# Question about cellphone board and there ics



## imran zafar (Dec 22, 2013)

hello
i am a new member of this great forum 
most respected members i have some questions about 
my 1st experiment , for gold recovery from cellphone ICs

i buy 1lb mixed cellphone boards remove all ics from there
witch ware just 30 grams.

then i only select ICs (30gm) for my 1st experiment ,i burnt them 
filter ash by plane water and dip them in to very little amount of 
AP after dissolving of base metals i filter the solution and dip the
remaining material into AR, filter again neutralize with UREA
drop gold by pmb(potassium metabisulphite ) smb was not available 
finely i recover 160mg gold from those ICs. 
now my 1st question about my final procedure when i mix 
potassium metabisulphite (half ts) in solution then(after an hour) i saw a strange 
thing,,,,a unexpected item like very small pieces of paper was producing from 
solution well i decide to left the solution over the night to settle gold powder in bottom 
at morning i see a very tin layer of gold dust witch was settled in bottom and the top of my 
jar was full of strange crystal foam ,,,when i stair the solution both item gold and crystals of foam
mixed again into solution and disappear i wait 15min but no thing happen again 
then i put some urea give a little heat to solution and add potassium metabisulphite again
this time my solution color was dark brown and when i stair sudden what i see there is alot of 
black balls (very small size) are producing and settling down a stair again for 2 minute and all the balls 
convert in dark brown powder i filter 3 time that powder by water 1 time by HCL 2 time again by water
dry it melt my 24k gold,,,the yield value of gold from 30 gram ics is normal or i can expect more :mrgreen: ??
my 2nd question 
how much gold can i expect from my 1lb board(ICs less)?

sorry about my English


----------



## butcher (Dec 22, 2013)

I cannot comment on how much gold to expect from the Integrated circuits on the cell phone boards, my guess it would depend on many factors, like which IC's,which cell phone's, and how much gold the manufactures used in those IC's used to make the circuit, and how well you are able to recover it.

I do see where you may improve your processes in recovery of that gold, for one in how you are treating the material, and using your chemicals.

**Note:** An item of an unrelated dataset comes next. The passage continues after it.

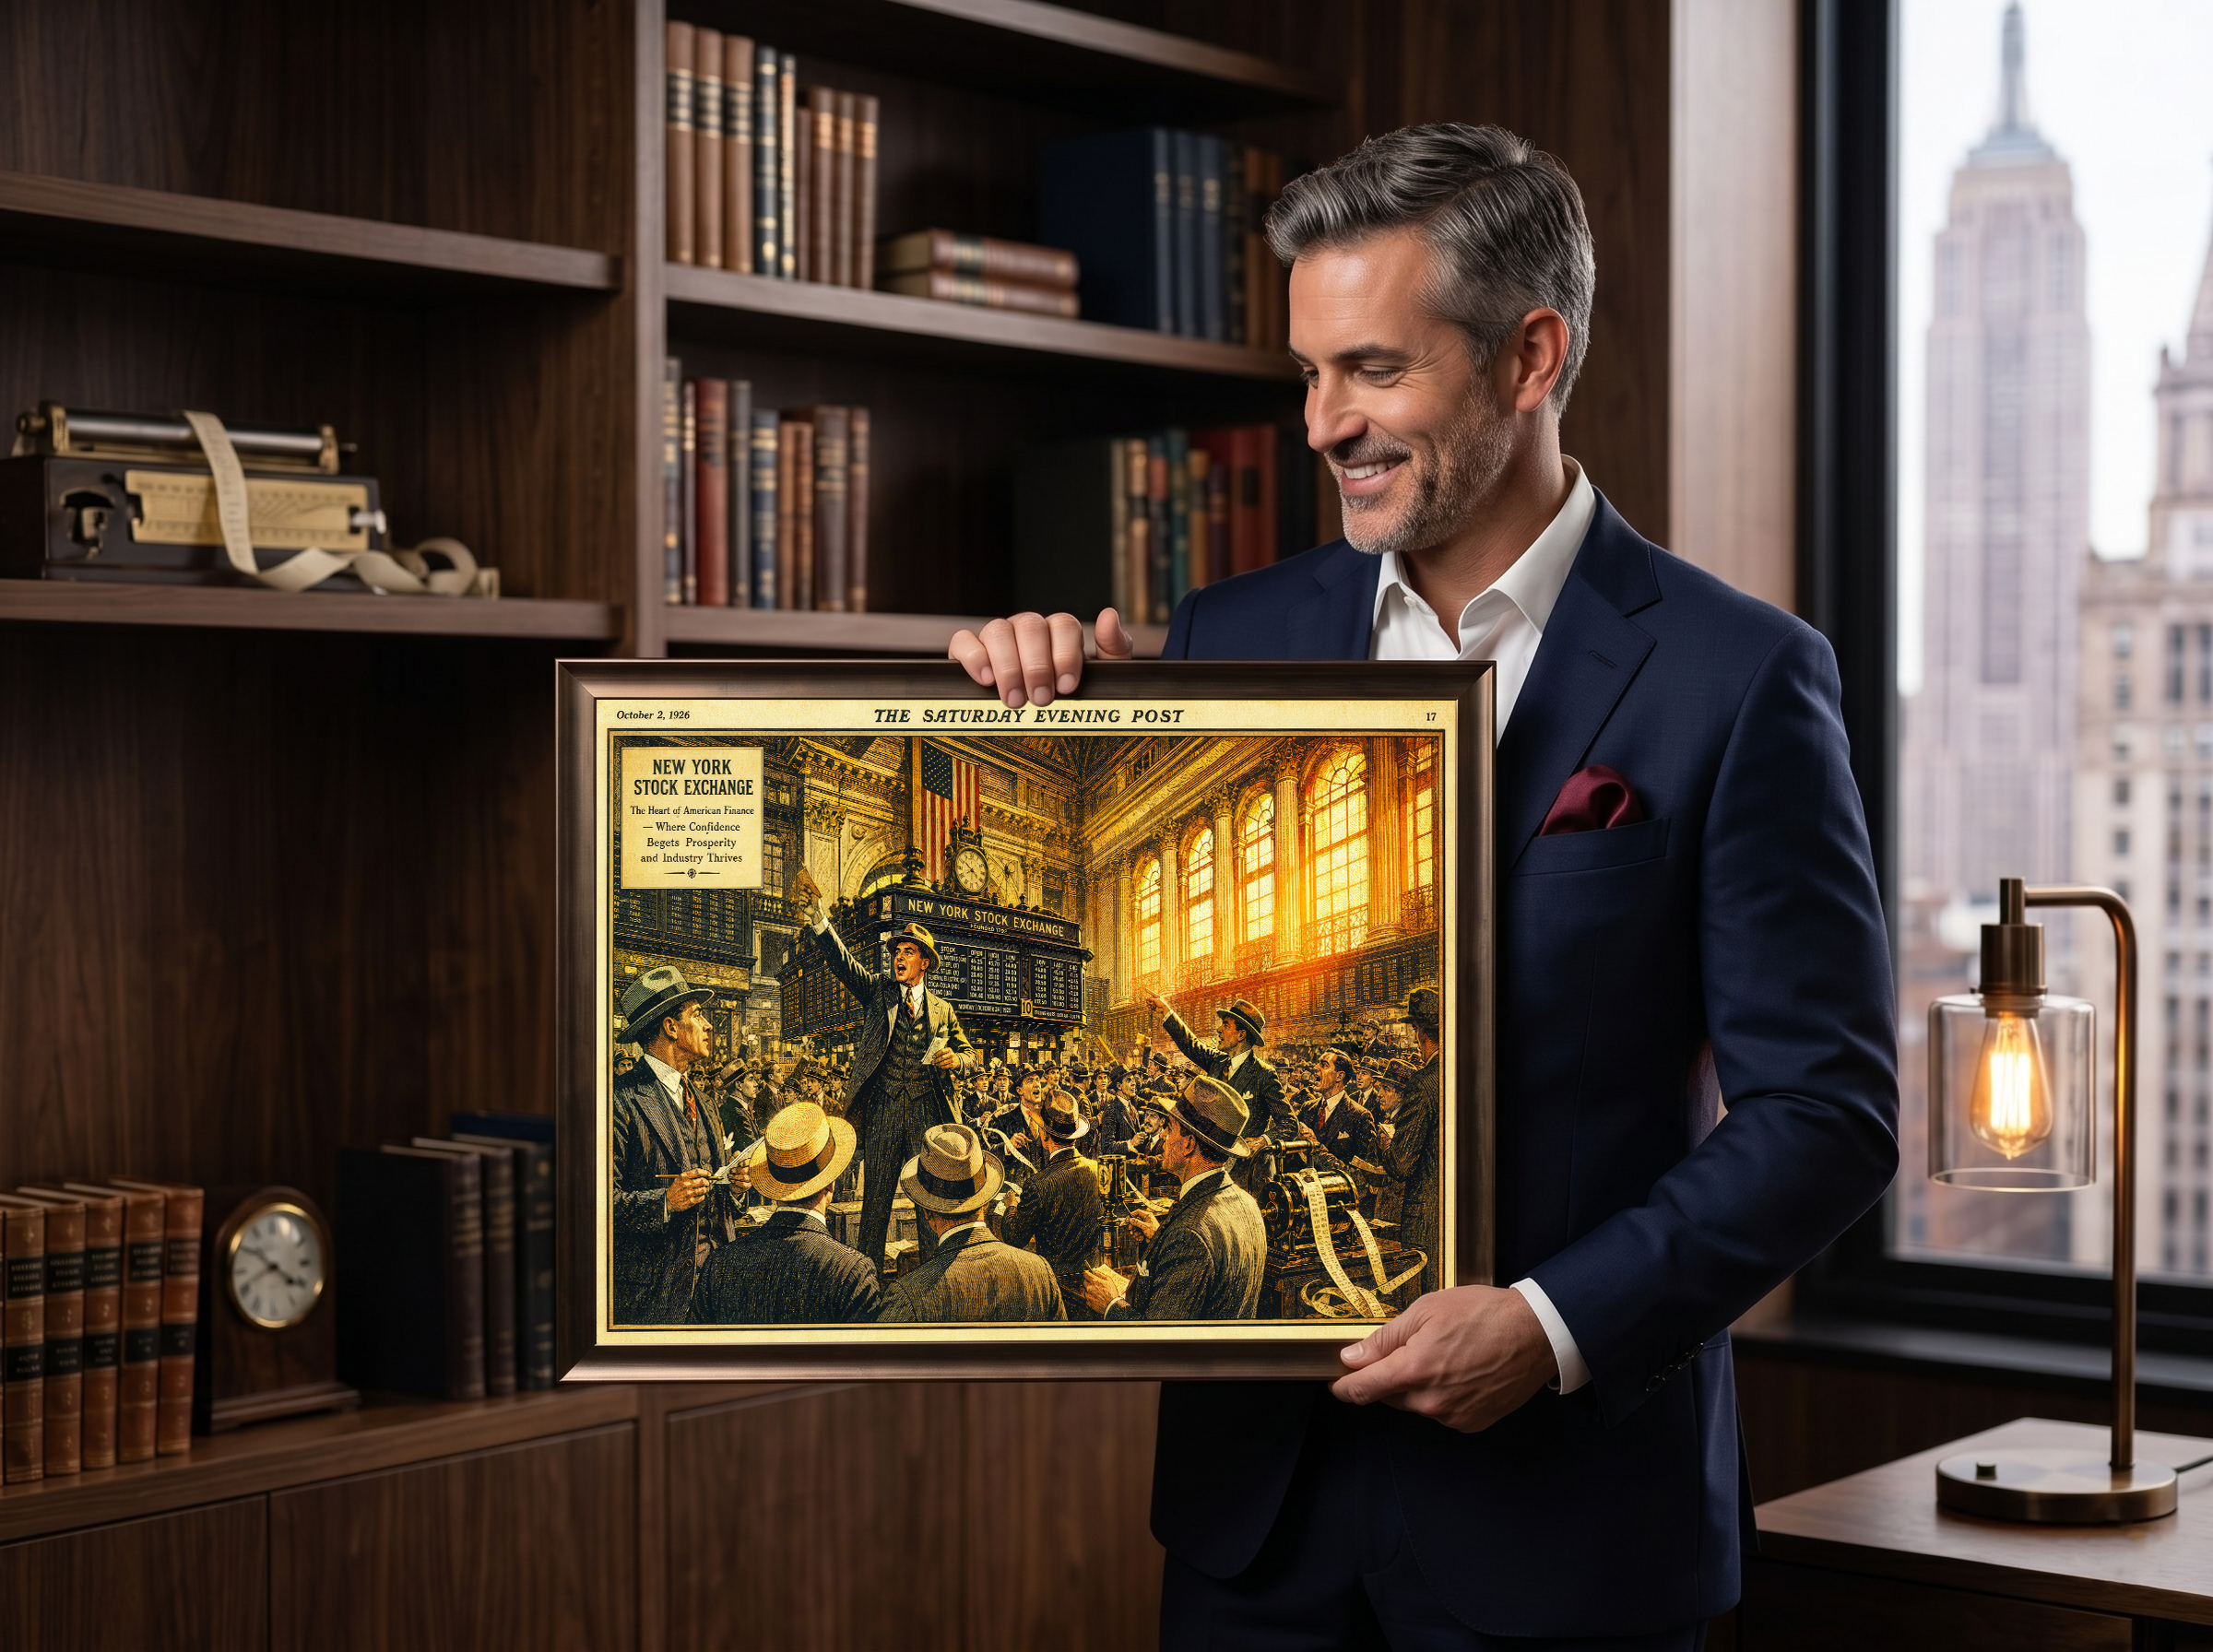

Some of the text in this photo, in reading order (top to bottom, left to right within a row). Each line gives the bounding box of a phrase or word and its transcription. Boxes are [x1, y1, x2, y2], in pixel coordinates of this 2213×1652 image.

You may find you can get more gold by processing the material differently.


----------



## Pantherlikher (Dec 22, 2013)

How about doing Alot more reading up on how to properly process said material.
For 1 thing, Urea will NOT neutrilize Nitric acid in AR. Learn how to do it the right way will help. 
Also learn what will precipatate Gold and what will not. What will substituting other things do?. 

"i burnt them 
filter ash by plane water and dip them in to very little amount of 
AP after dissolving of base metals i filter the solution and dip the
remaining material into AR, filter again neutralize with UREA
drop gold by pmb(potassium metabisulphite ) smb was not available 
finely i recover 160mg gold from those ICs."

You said you dip them? English is tough yes, Dip means to put in and pull out quickly. Soak might be better or put in. How long in AP? And how much is very little? It takes a long time and alot of AP to work on removing all base metals.

"pmb(potassium metabisulphite )" What will this do to metals dissolved in AR?
Please describe.

Just trying to help be clear in learning.

B.S.


----------



## solar_plasma (Dec 23, 2013)

> drop gold by pmb(potassium metabisulphite ) smb was not available



I use it too in gold solutions, but you have to be aware of, that potassium solutions may form barely soluble complexes with PGM's, as far as I understand and remember.

I don't know if this can have anything to do with your strange observations.


----------



## imran zafar (Dec 23, 2013)

thanks all of you for your quick reply,
basically i am a cellphone technician and never work with 
chemicals and acids but as i read fume from these acid
are very toxic and extremely dangerous for our body so 
i decide to stop my work and i should learn about safety 
so i am planing to build a safe fume hood 1st .

but i have a still question on my mind and not able to find answer 
(i use search option lot of time but no success) 
as i read in forum http://goldrefiningforum.com/~goldrefi/phpBB3/viewtopic.php?f=60&t=15984&start=60

so if a single cellphone board yield 0.0165g gold then witch part have
excessive gold in it ICs/PCB/CONNECTORS/ ?

gold from pcb %
gold from ICs %

or gold from other parts %


----------



## solar_plasma (Dec 23, 2013)

Mainly in the IC's (also the CCD), commonly it variies between 0,1 and 6g/kg - in order to be safe I would guess somewhere in the lower middle (1-2g, might be much more) in this case and in gold plated areas (board, connectors) and items (fx microphones, pins), here the yield depends on plated surface areal and thickness of plating.

To make an unprecise guess, I would compare this material with RAM's, which often have 50% of the gold in the plating and 50% in the IC's.

As I said, this is a very unprecise guess and can't be used for any pricing, only to have a diffuse feeling, what MAY be to expect.

I'd like to add, that in my opinion cell phones may be one of the most difficult materials to start with. I get my 0,12g from a pentium 1 with ease or my 1g/ 120 RAMs, but I guess I wouldn't get half of the PM's out of a cell phone with the same effort. That is because here you have to be skilled in ALL kind of processes and need a large lot of boards to have enough of every kind to start a process economically.

This should not be a reason for you to start with other material, it is only necessary to read more than for some other more easy stuff and to take the time and practical exercises it will need to feel safe with all implied processes


----------



## chlaurite (Dec 23, 2013)

imran zafar said:


> finely i recover 160mg gold from those ICs.


That sounds more or less correct for 30g of chips. North bridge flatpacks yield around 2.5g/lb. For similar quality chips (and with bonding wires, "quality" basically means pin density), I would expected you to get 120 to 150mg. The slightly higher yield may reflect a higher pin density in the as-small-as-possible parts used on cell phone boards.


----------